Ancak Müslümanların sahip olduğu  bu maddi ve manevi kaynaklar; yani Kâbe i Muazzaması, Mescidi Nebevisi, Mescidi Aksası, petrol ve doğalgaz madenleri,  mümbit verimli arazileri, su kaynakları, denizleri, sahilleri, boğazları vesaire Müslümanların sıkıntı ve sorunlarının bitmesine değil, tabiri caizse bu zenginlikler adeta sorunlarının artmasına sebep olmuştur.
Maddi ve manevi dünyanın en zengin kaynakları Müslümanların elinde olduğu halde Müslümanın fakiri, zalim ve despotların ayakları altında ezilirken, zengini ise, paralarını İsviçre bankalarına yatırmış, sadece kendi şahsi menfaatleri için yaşayan, gözünün önünde yaşanan vahşet ve zulümleri görmeyen bir vaziyette.

Birlik ve beraberlik ortadan kalkmış, birileri ağlarken; diğerleri, ağlatanlarla beraber olmuş, halkları günaha batmış, sefahat ve eğlence ile gününü gün etmekteler.

Bu ülkelerin zengini de fakiri de Türkiye’mizi örnek almakta. Zengini; içki, kumar, fuhuş ve eğlence cenneti ya da fırsatlar ülkesi olarak Türkiye’yi örnek alırken, fakiri ise ümmetin kurtarıcı umudu olarak Türkiye’mizi örnek  almakta.

Elimizde Mescidi Haram yani Kabe-i Muazzama gibi, Mescidi Nebevi gibi muazzam bir güç ve zenginlik kaynağı varken ve her sene hac mevsiminde 5 milyona yakın hacı, hac mevsimi dışında ise milyonlarca Müslüman o kutsal topraklarda bir araya gelirken, bizi birbirimize düşürüp kırdıran bu sömürgecilere bir öfkemizin, bir lanetimizin olmayışı acınaklı halimizin en  açık resmidir.

Bu kadar insan bir araya gelmişken; İsrail’e, Amerika’ya hep bir ağızdan tekbir getirilip beddua edilebilseydi Siyonist ve emperyalistlerin zulüm düzenleri bir anda yıkılırdı. Yeter ki biz dostumuzu düşmanımızı bilelim.

Uluslararası enerji ve silah baronları, İslam ülkelerinin bu zenginliklerine sahip olabilmek için Müslümanların başındaki satılmış idarecilerine silahlar satıp, kardeşi kardeşe kırdırarak, savaşlar, harpler ve darplarla Müslümanların nefes almasına imkan vermemektedirler.

Öyleyse ne yapmalıyız? Yapılması gereken, önce tövbe ve istiğfarla halimizi ıslah etmeliyiz.

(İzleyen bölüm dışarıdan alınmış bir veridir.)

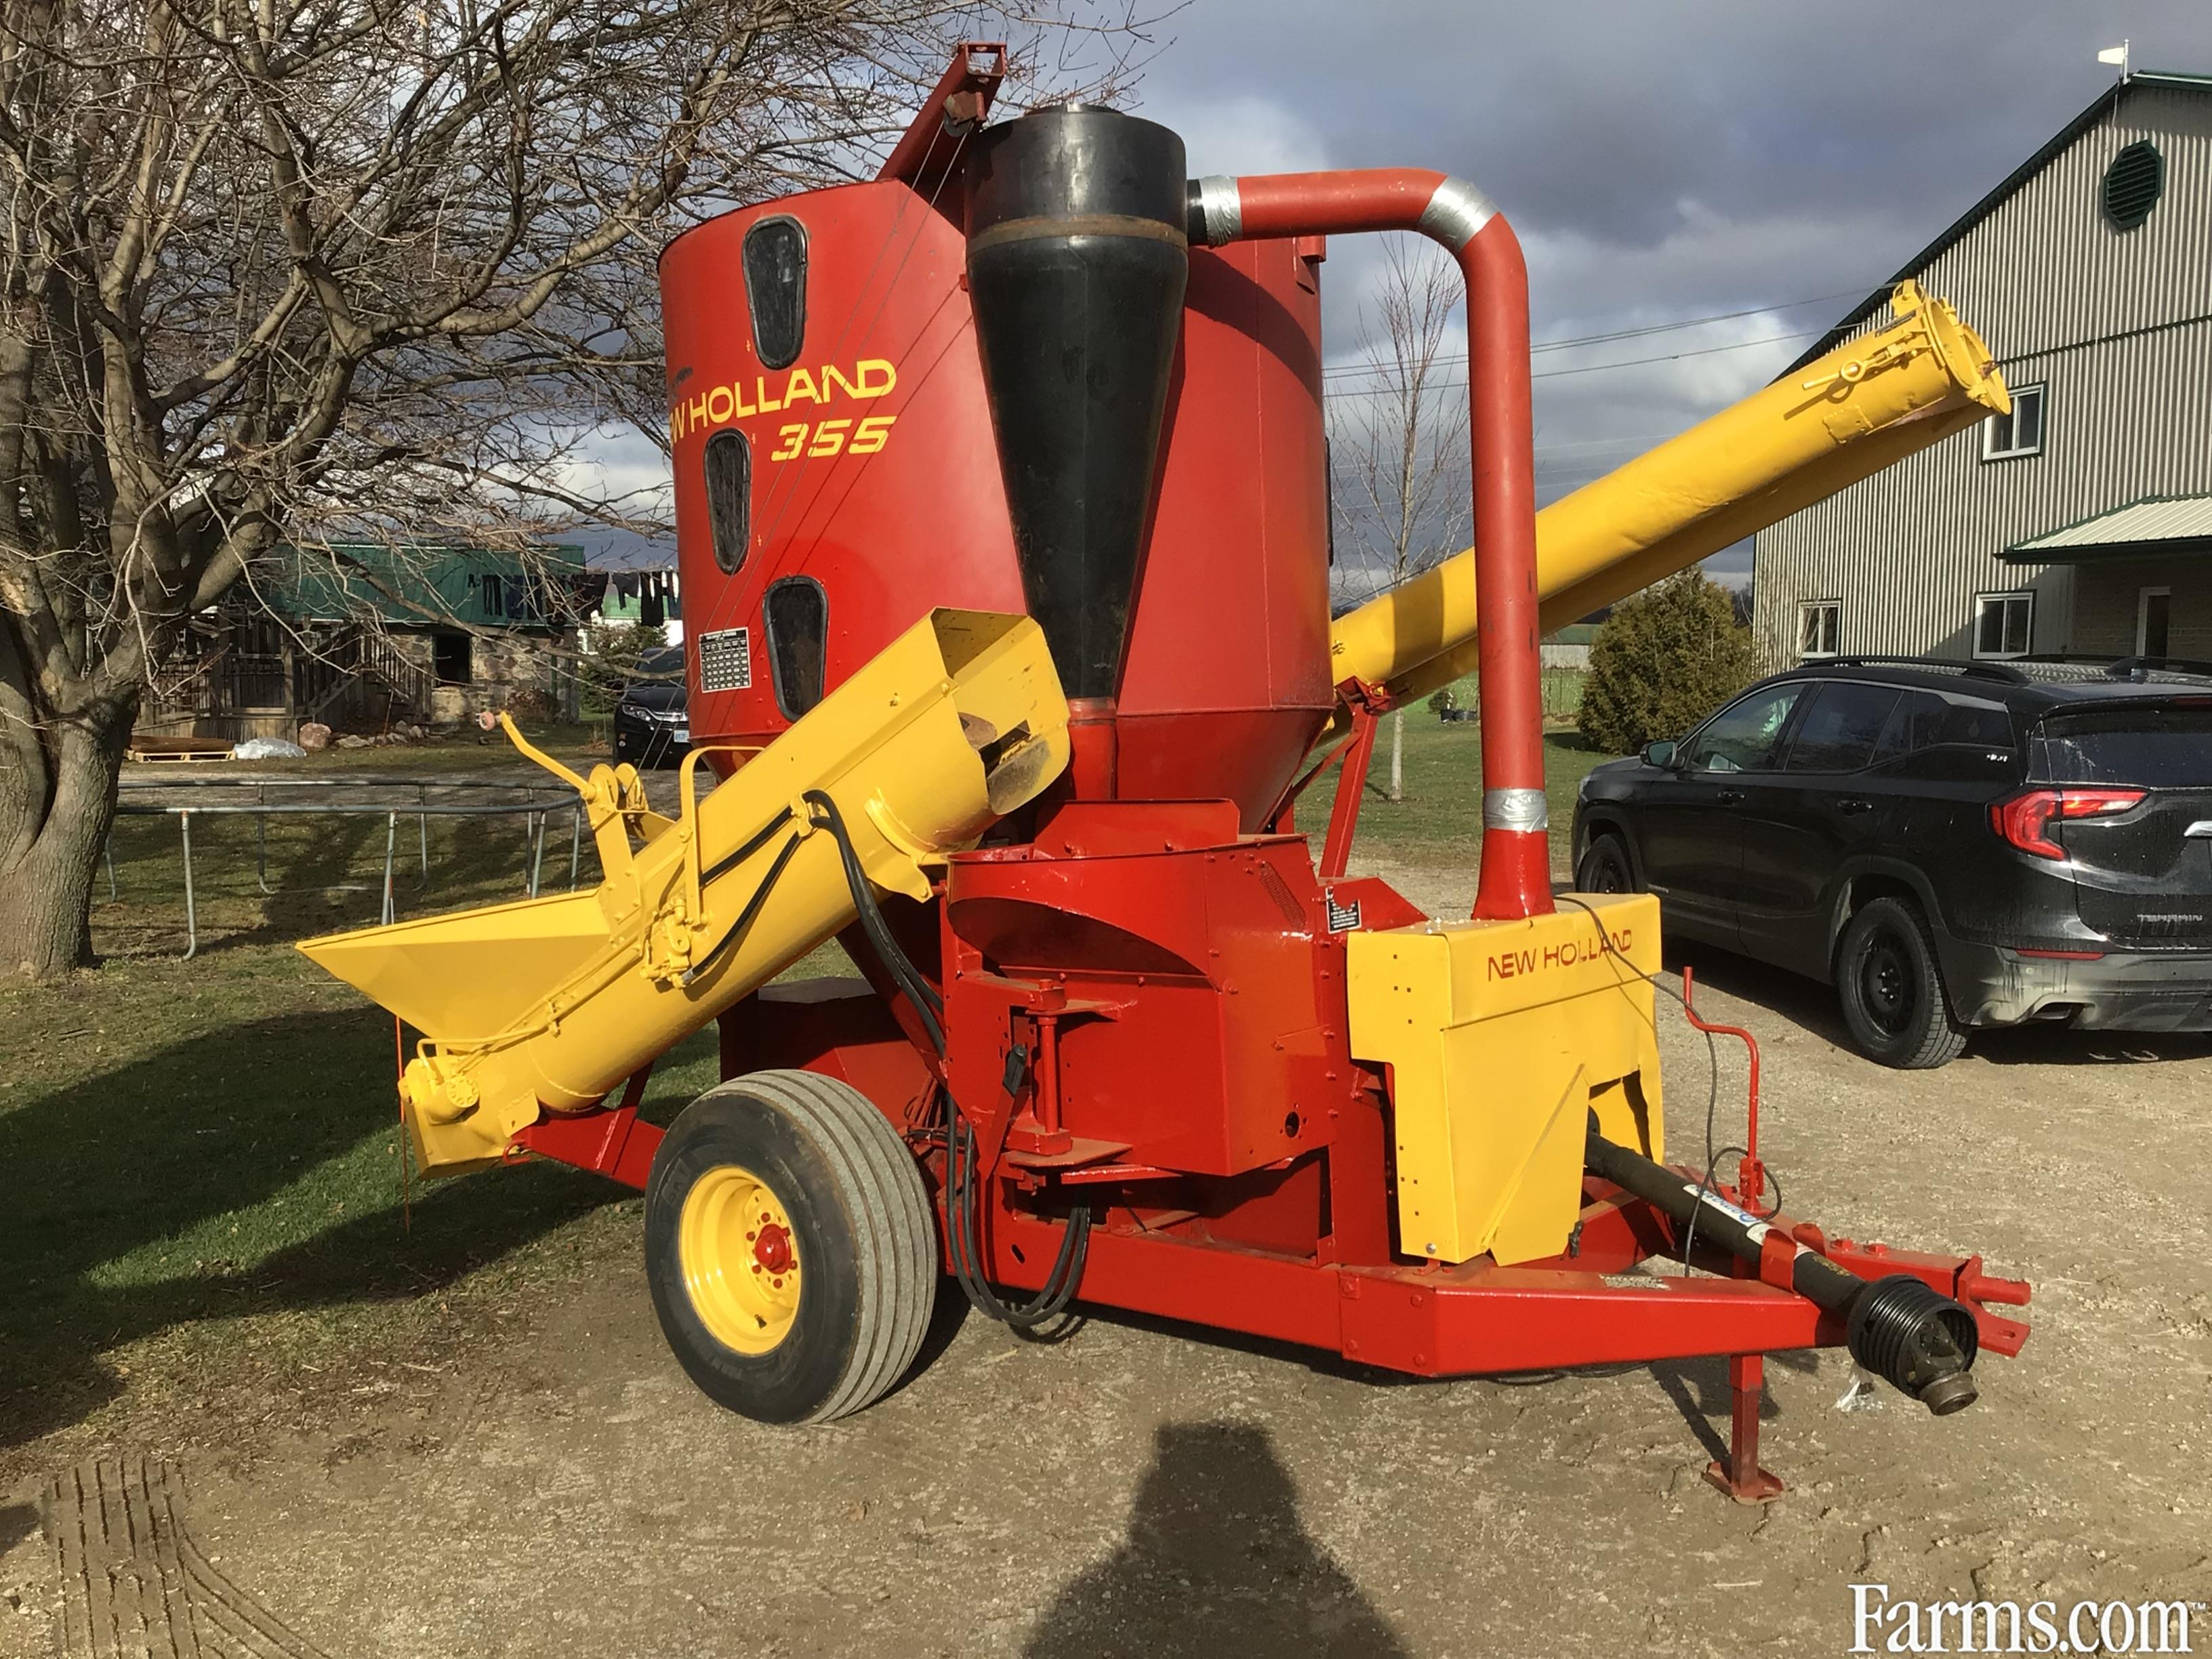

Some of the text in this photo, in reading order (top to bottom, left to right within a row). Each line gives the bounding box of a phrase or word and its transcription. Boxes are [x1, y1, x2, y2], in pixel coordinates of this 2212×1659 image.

Müslümanın dostu düşmanı kimdir çok iyi tanıyıp, dost ve kardeşimize sahip çıkmalı, düşmanlarımızın şerlerinden emin olabilmek için elimizden ne geliyorsa yapmalıyız.

Parti, grup, fırka ve hizipçilik yapmamalı, düşman olmak için nefsimizin ve kâfirlerin yeterli olduğunu bilmeliyiz. Müslüman halkımız ve gençliğimizin şuurlandırılması için ne yapılması gerekiyorsa var gücümüzle elimizden geleni yapmalıyız. Kurtuluş için ise somut adımlar atmalı, İslam ülkeleri arasında sağlıklı bir bilgi ve iletişim sistemi kurmalıyız.

Birbirimizle tarihi, ticari, siyasi, askeri, ekonomik, sosyal ve kültürel kalkınma projelerini bir an önce hayata geçirmeliyiz. Bunu gerçekleştirmek için ise Avrupa Birliği yerine İslam birliğini kurmalı, Nato yerine İslam ülkeleri ortak savunma hattını kurmalı ve İslam ülkeleri ortak para birimine bir an önce geçmeliyiz.

Müslümanların derdiyle dertlenmek bizden, muvaffakiyet Allah’tandır.

Fatih Medreseleri Yazı İşleri Kurulu

Yorum yapın
    1. Zeki Aslan diyorki;

      Bugün islam aleminin sorunu, tâbiiyyetsiz yaşamak. İslam, tâbiiyyetle yaşanır. Sahabe, Tâbiîn ve Tebe-i Tâbiîn, tâbiiyyet sistemiyle yaşamışlardır. Osmanlı da, padişahtan dağdaki çobana kadar toplumun büyük kesimi mutlaka bir veli-mürşide bağlı olarak yaşamışlardır. Osmanlı’nın başarısının sırrı bu yaşantı şeklinde idi. Günümüzde bu terkedildi. Kitaplar okumakla islam yaşanır zannettiler. O yüzden fırkalara ayrıldılar.